The problem:
Transcribe, exactly and in full, every record shown below, while omitting its images.

::::

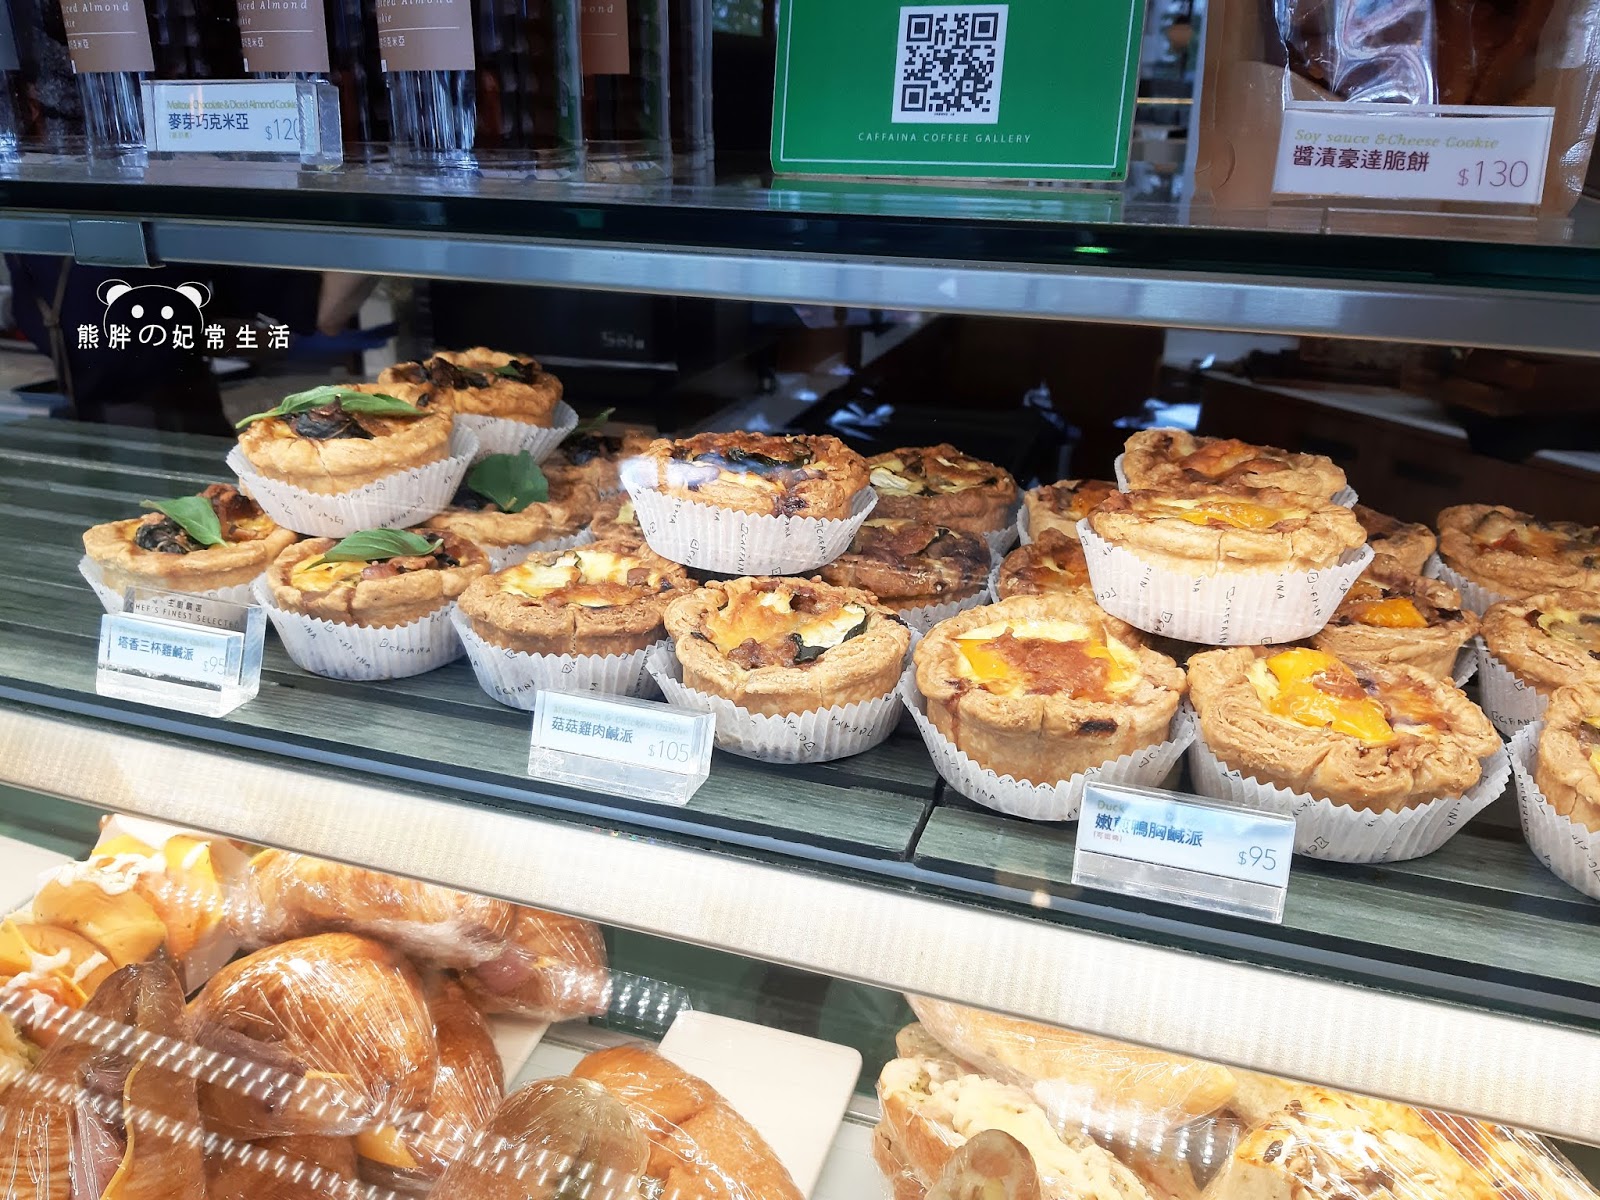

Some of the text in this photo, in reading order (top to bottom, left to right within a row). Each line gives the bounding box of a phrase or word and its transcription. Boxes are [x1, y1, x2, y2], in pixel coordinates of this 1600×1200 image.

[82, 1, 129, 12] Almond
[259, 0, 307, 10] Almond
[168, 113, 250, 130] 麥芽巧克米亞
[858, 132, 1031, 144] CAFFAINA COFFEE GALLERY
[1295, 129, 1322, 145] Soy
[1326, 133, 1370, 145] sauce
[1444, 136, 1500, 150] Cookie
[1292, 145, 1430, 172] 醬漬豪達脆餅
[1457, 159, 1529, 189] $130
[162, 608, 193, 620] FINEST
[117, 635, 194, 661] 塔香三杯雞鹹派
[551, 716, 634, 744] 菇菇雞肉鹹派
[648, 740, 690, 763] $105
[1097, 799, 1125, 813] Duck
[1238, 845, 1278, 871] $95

::::

Result of this exercise:
Some of the text in this photo, in reading order (top to bottom, left to right within a row). Each line gives the bounding box of a phrase or word and its transcription. Boxes are [x1, y1, x2, y2], in pixel coordinates of this 1600×1200 image.

[82, 1, 129, 12] Almond
[259, 0, 307, 10] Almond
[168, 113, 250, 130] 麥芽巧克米亞
[858, 132, 1031, 144] CAFFAINA COFFEE GALLERY
[1295, 129, 1322, 145] Soy
[1326, 133, 1370, 145] sauce
[1444, 136, 1500, 150] Cookie
[1292, 145, 1430, 172] 醬漬豪達脆餅
[1457, 159, 1529, 189] $130
[162, 608, 193, 620] FINEST
[117, 635, 194, 661] 塔香三杯雞鹹派
[551, 716, 634, 744] 菇菇雞肉鹹派
[648, 740, 690, 763] $105
[1097, 799, 1125, 813] Duck
[1238, 845, 1278, 871] $95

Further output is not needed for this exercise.